Exercise: Beginning at the line that includes "this 1280×1440 image.", print each remaining line of the data word for word. Output nothing else.

Data for the task:

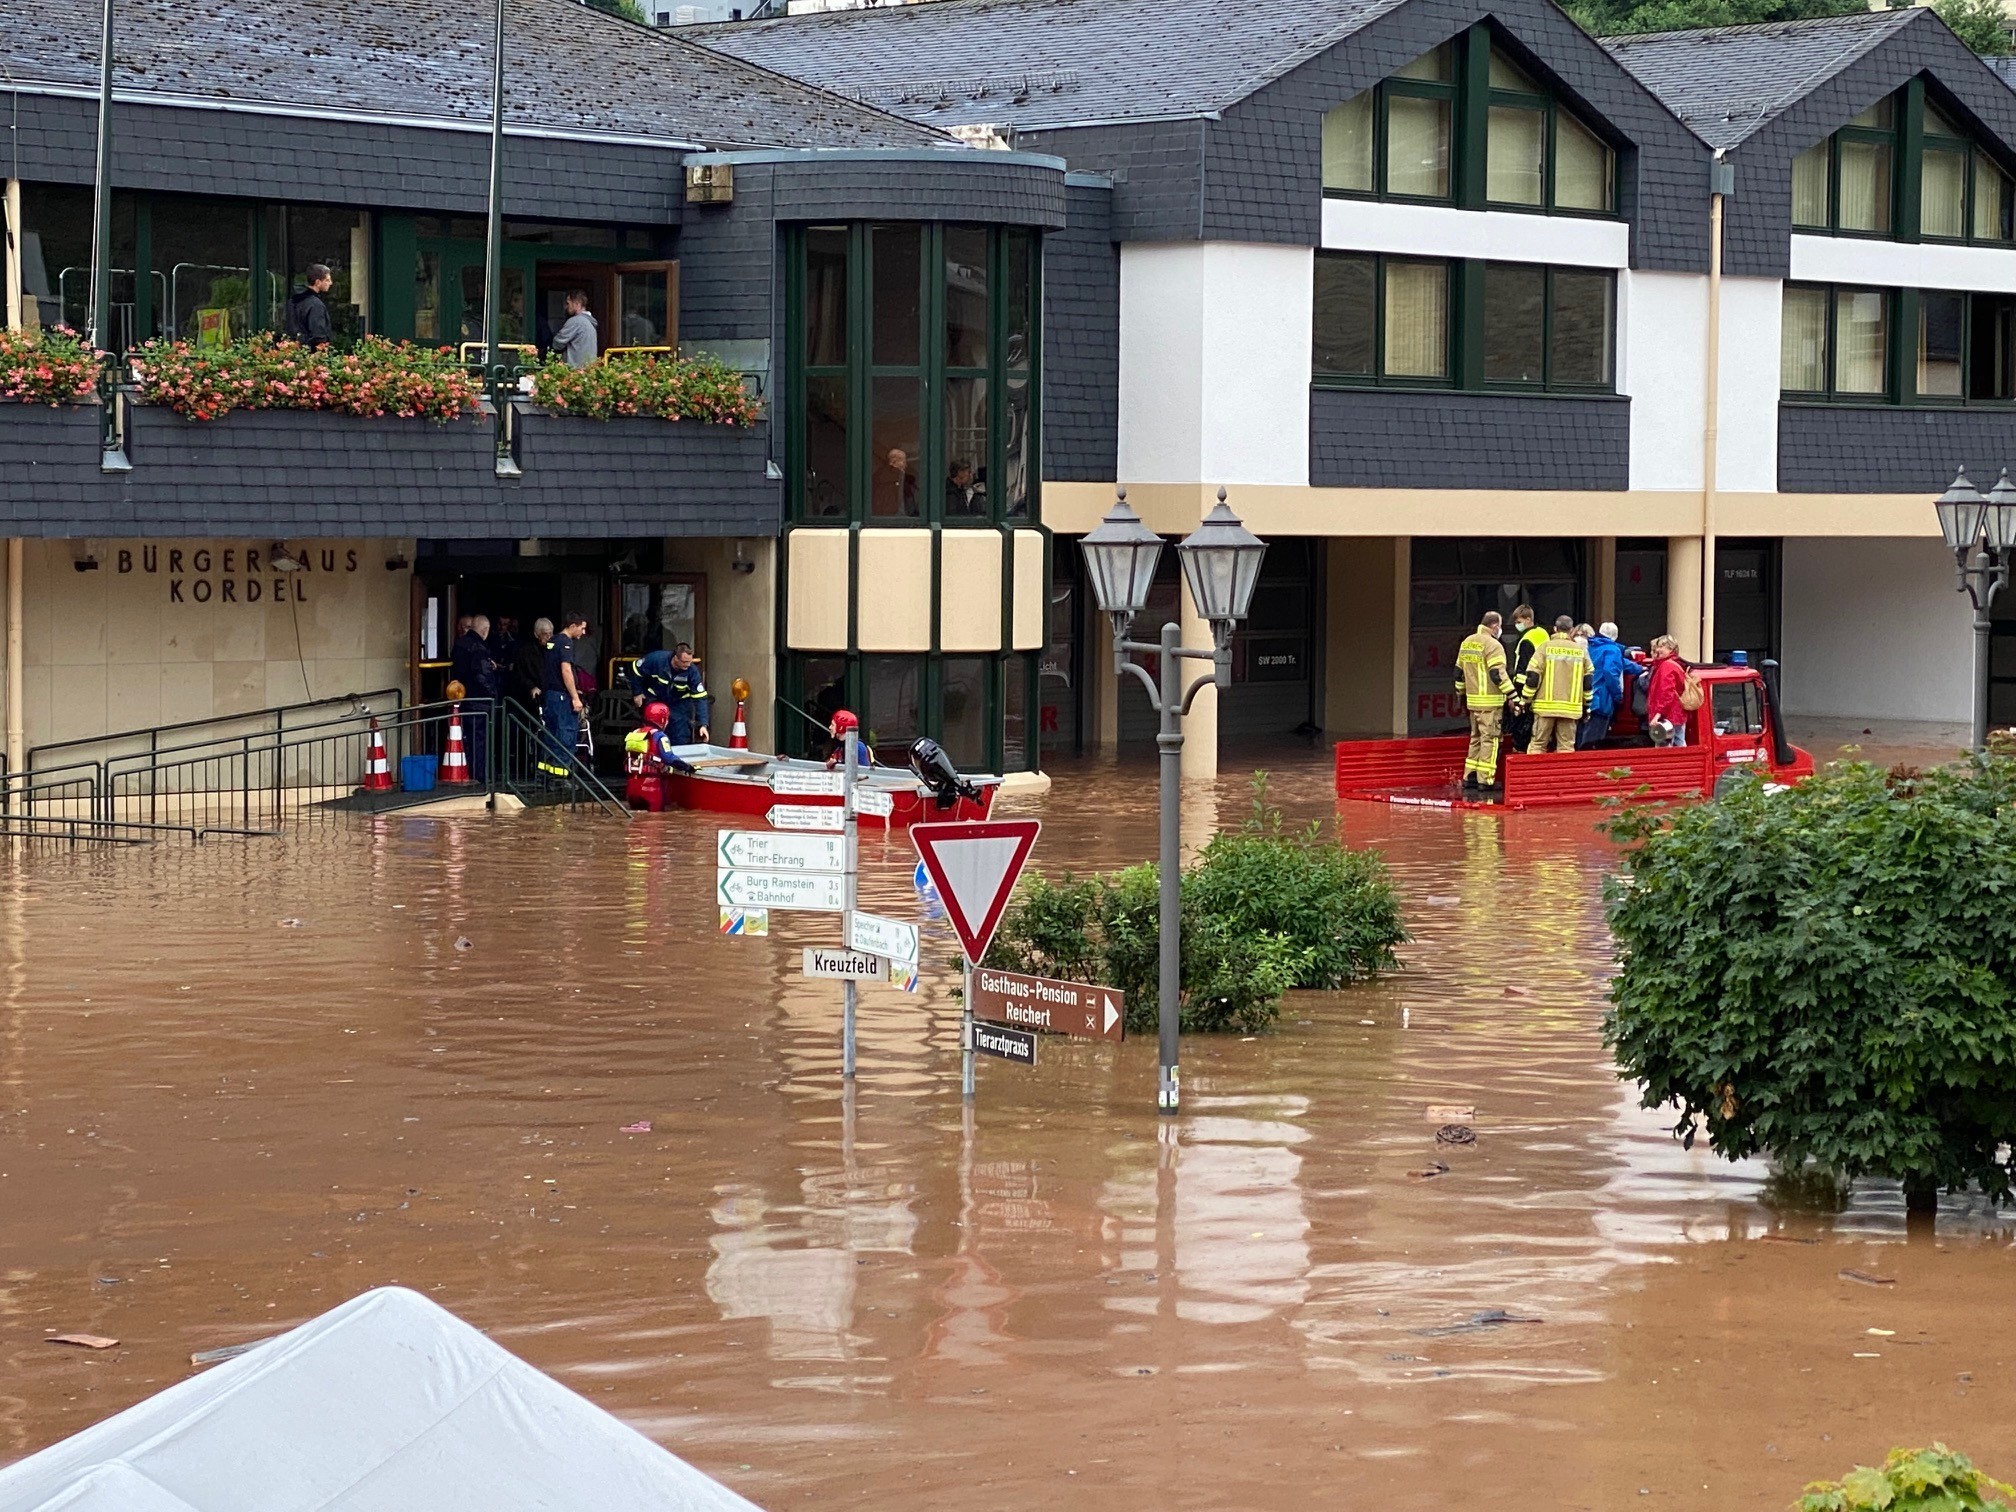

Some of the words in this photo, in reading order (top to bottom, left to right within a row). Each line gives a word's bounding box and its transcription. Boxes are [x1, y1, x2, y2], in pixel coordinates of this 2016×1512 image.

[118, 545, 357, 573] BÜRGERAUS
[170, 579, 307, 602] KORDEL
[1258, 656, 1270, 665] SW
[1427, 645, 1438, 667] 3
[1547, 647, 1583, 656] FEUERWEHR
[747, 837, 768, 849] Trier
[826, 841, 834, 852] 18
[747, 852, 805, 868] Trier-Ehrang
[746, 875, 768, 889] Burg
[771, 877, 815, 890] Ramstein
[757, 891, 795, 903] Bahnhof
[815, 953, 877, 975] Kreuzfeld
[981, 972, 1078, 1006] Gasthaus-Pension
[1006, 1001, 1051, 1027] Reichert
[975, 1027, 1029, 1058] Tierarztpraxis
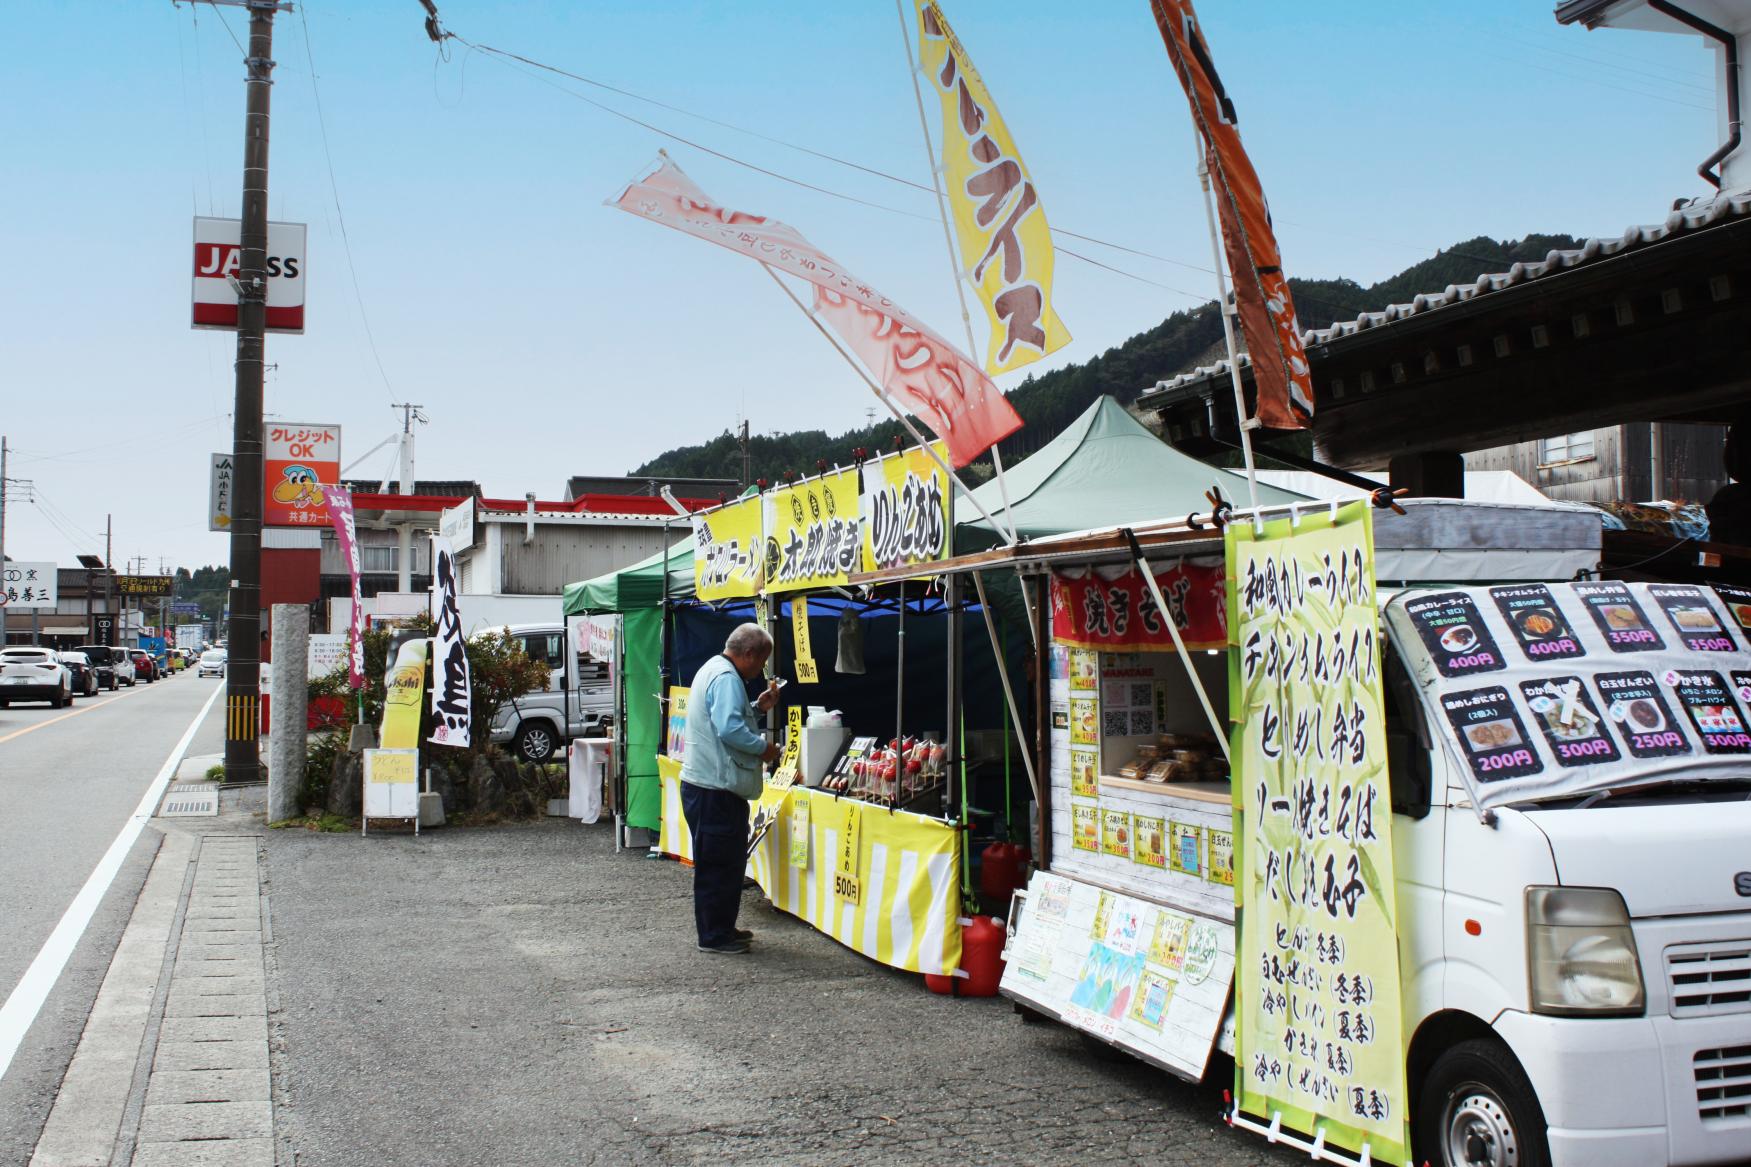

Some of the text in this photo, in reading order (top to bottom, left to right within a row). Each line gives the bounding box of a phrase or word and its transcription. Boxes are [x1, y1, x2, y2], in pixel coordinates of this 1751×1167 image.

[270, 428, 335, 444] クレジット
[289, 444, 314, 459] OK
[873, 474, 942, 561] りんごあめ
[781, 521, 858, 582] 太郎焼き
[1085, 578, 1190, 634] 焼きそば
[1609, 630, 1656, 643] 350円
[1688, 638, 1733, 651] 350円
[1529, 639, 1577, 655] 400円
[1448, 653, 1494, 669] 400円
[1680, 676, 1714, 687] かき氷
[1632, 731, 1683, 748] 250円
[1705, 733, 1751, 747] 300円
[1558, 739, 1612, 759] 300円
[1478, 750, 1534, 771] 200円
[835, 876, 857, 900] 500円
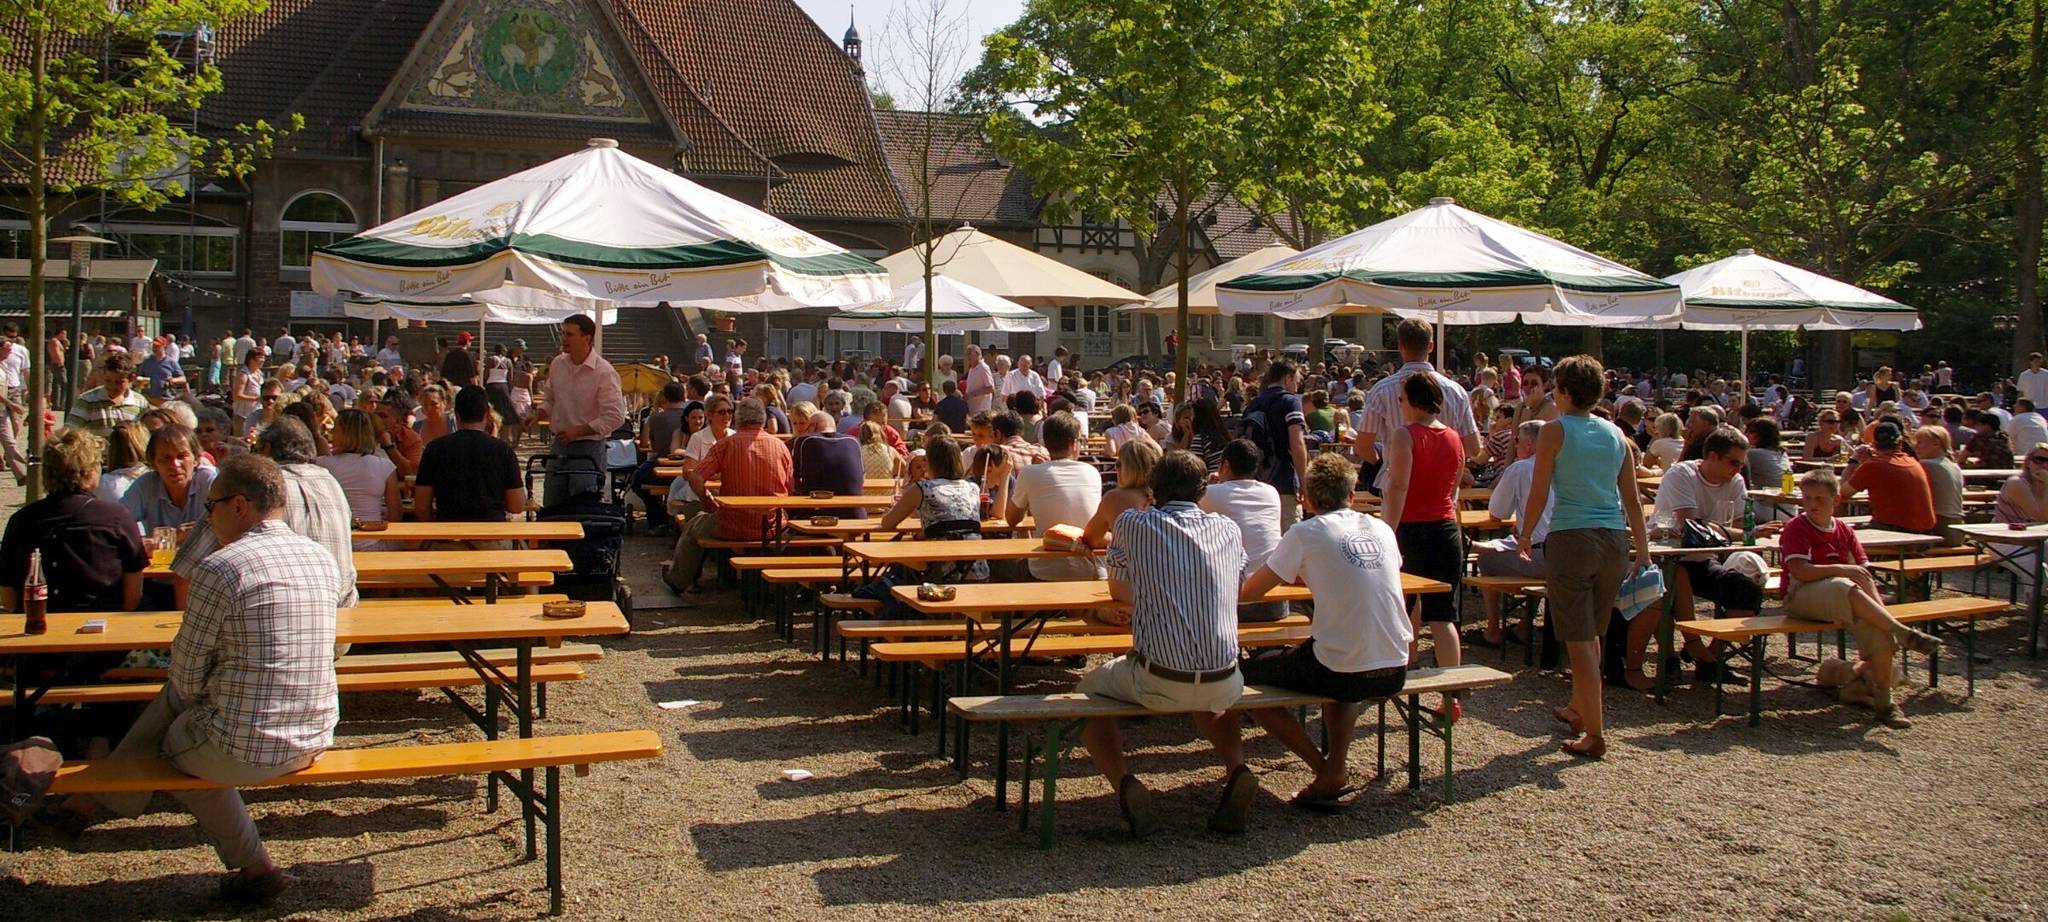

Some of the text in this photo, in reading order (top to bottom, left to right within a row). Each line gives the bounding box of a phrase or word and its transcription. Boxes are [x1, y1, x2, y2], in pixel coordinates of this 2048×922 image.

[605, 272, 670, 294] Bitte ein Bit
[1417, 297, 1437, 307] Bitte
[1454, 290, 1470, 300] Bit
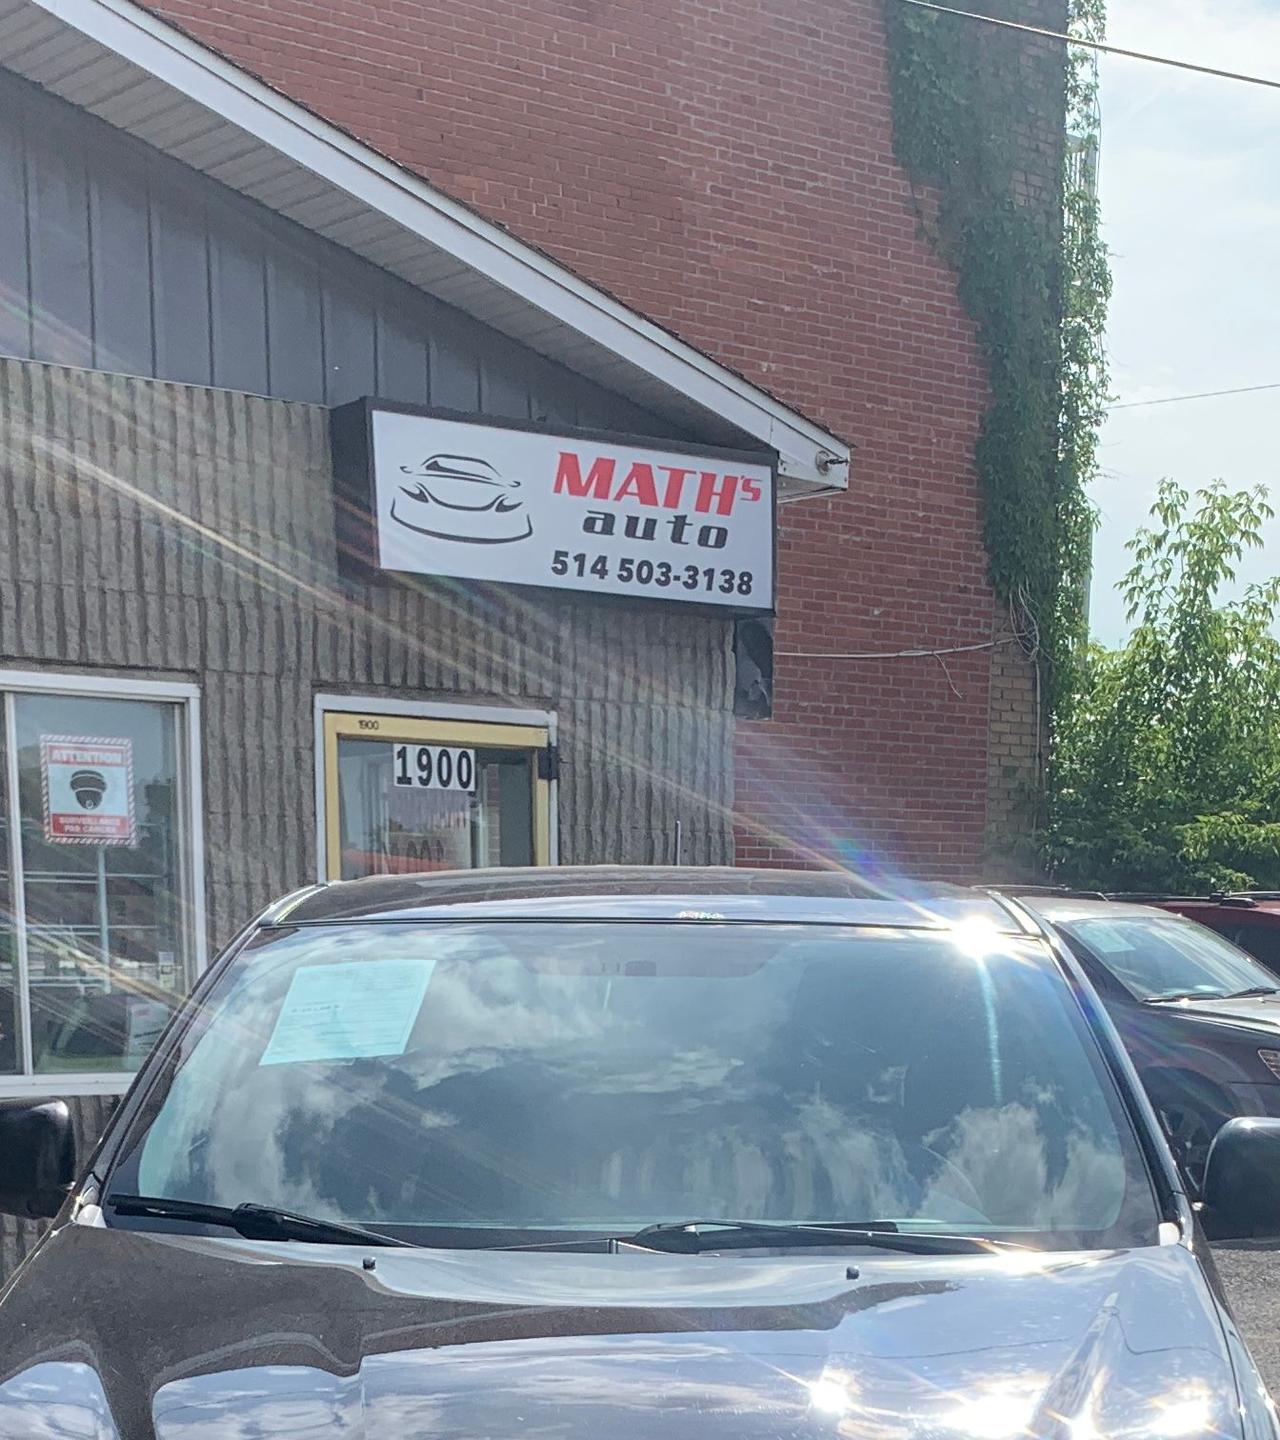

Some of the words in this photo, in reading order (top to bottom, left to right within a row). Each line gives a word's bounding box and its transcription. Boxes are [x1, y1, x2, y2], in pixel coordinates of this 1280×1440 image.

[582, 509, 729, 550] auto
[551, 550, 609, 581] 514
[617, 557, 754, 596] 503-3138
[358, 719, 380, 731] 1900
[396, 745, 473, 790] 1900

Answer to this exercise:
Some of the words in this photo, in reading order (top to bottom, left to right within a row). Each line gives a word's bounding box and its transcription. Boxes are [x1, y1, x2, y2], in pixel coordinates of this 1280×1440 image.

[582, 509, 729, 550] auto
[551, 550, 609, 581] 514
[617, 557, 754, 596] 503-3138
[358, 719, 380, 731] 1900
[396, 745, 473, 790] 1900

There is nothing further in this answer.